OFFICIALS SAY MOST tire makers are overstocked. Also, the plant will be closed during the first week of August.

Yokohama Tire Corp. in Salem said Wednesday it will lay off as many as 50 employees to slow production and manage a glut of tires. It will be the plant's first layoff since the company bought the tire factory from Mohawk Rubber Co. in 1989.

The Yokohama factory is the Roanoke Valley's 12th largest employer, with 875 production workers and about 175 other personnel.

The exact size of the layoff is undetermined but, at most, it will eliminate all of 50 new jobs that have been filled at the plant in the last year, said Yokohama spokeswoman Kelly Teenor.
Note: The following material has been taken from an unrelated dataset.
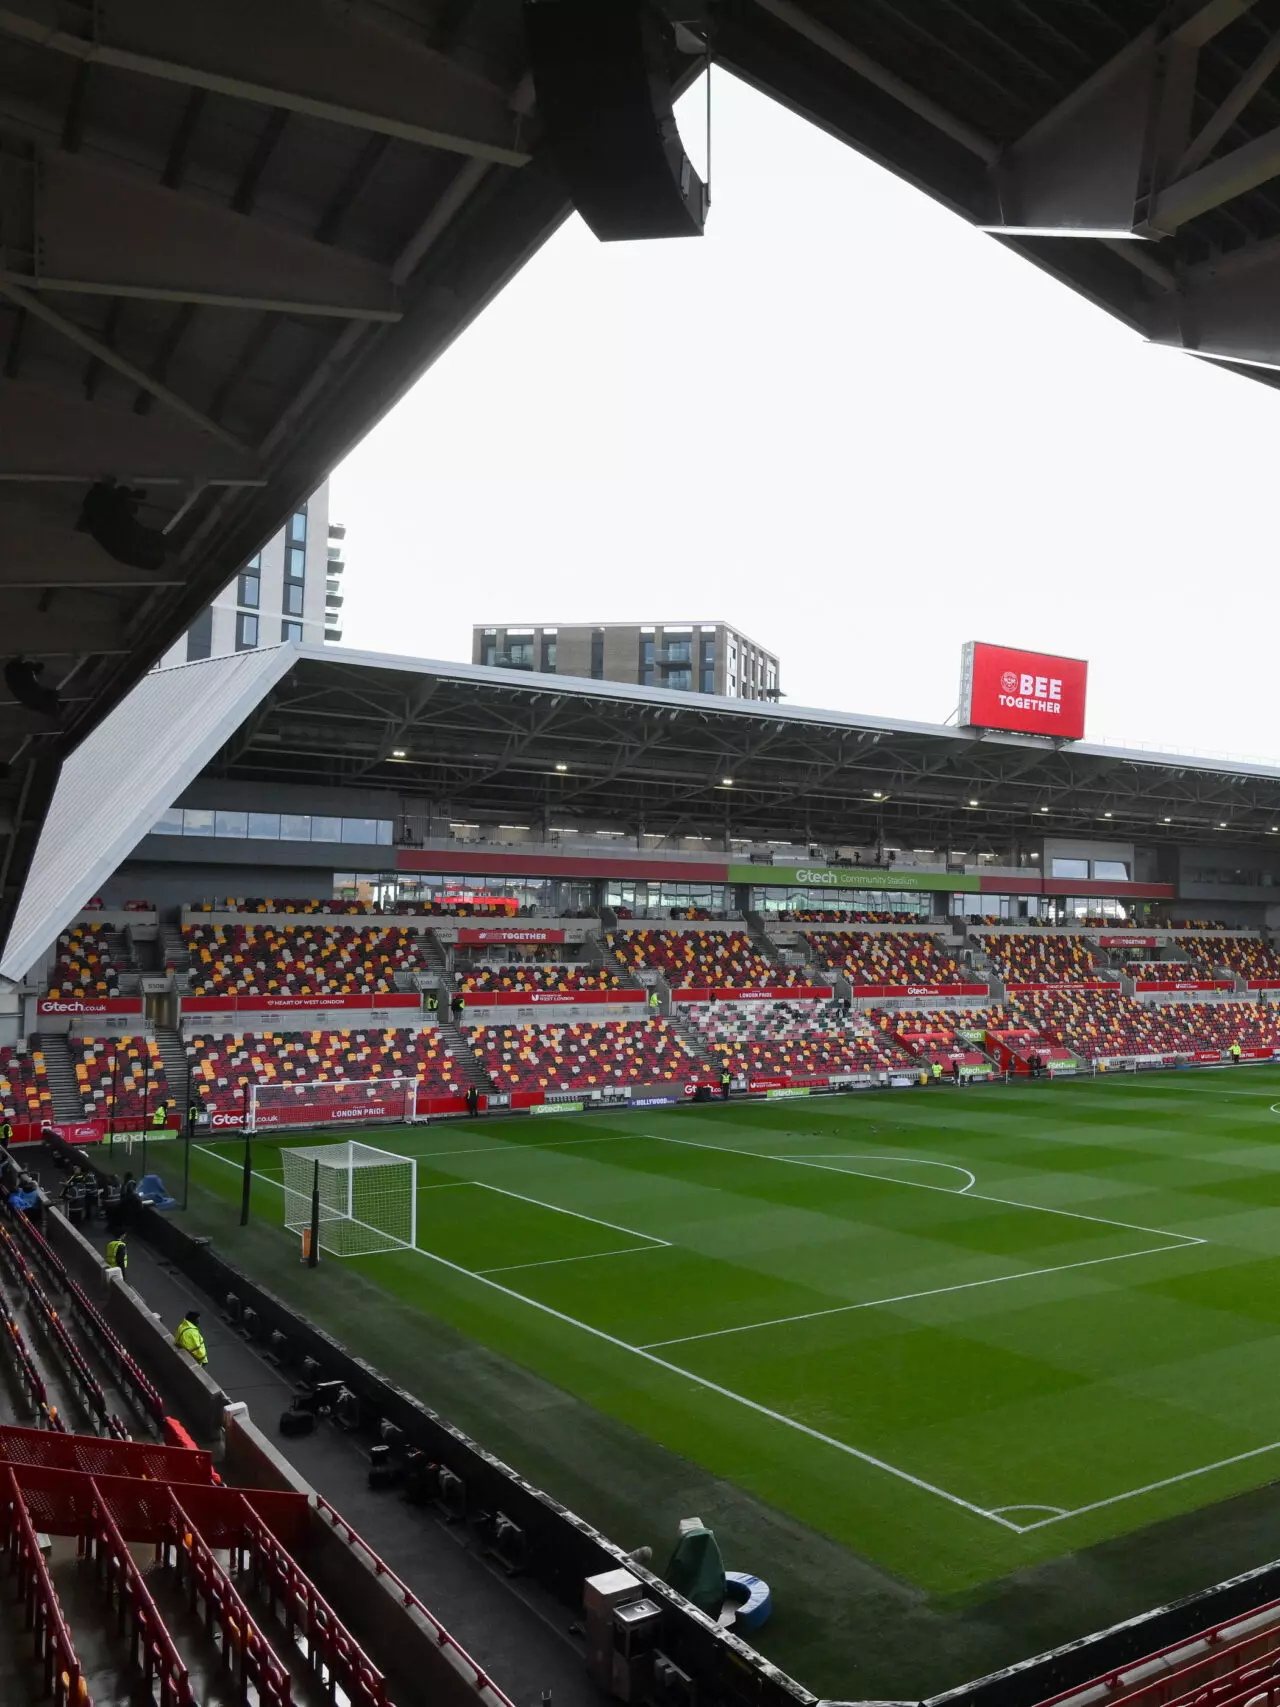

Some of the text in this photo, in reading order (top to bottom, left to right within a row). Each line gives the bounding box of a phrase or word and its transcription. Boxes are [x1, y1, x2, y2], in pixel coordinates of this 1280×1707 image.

On balance, Yokohama has raised employment at the plant, adding 500 people since the purchase seven years ago, she said.

In addition to the layoff, the plant will close during the first week of August. This will be the second of two unscheduled shutdowns this summer. The earlier lasted for three days this month. During shutdowns, workers receive 80 percent of their usual pay.

North American tire makers have produced an unusual excess of tires, Teenor said. Yokohama's competitors also are cutting production to shrink inventories, she said. The steps at the Yokohama plant are designed to cut production by 500 tires a day, to 18,500.

"The industry is just plagued with lots of tires," she said.

Later this year, Yokohama is scheduled to feel the impact of a different kind of market fluctuation - the loss of a major customer. PriceCostco, an Issaquah, Wash.-based operator of 264 warehouse-style general merchandise stores, told Yokohama in June it would stop buying Yokohama tires - many made in Salem - after 17 years. PriceCostco will wind down purchases between October and spring 1998.

Yokohama won't say how many tires the Salem factory made for PriceCostco, but said Wednesday's announcement wasn't related to that loss of business.

"We're trying to grow the business the best we can, and right now market conditions make it real difficult to expand or maintain what we're currently doing," Teenor said.

Eddie Robtison, president of United Steelworkers Local 1023, said he attributes the layoffs to general business conditions. "Business is slow right now," he said. The union represents Yokohama's production work force.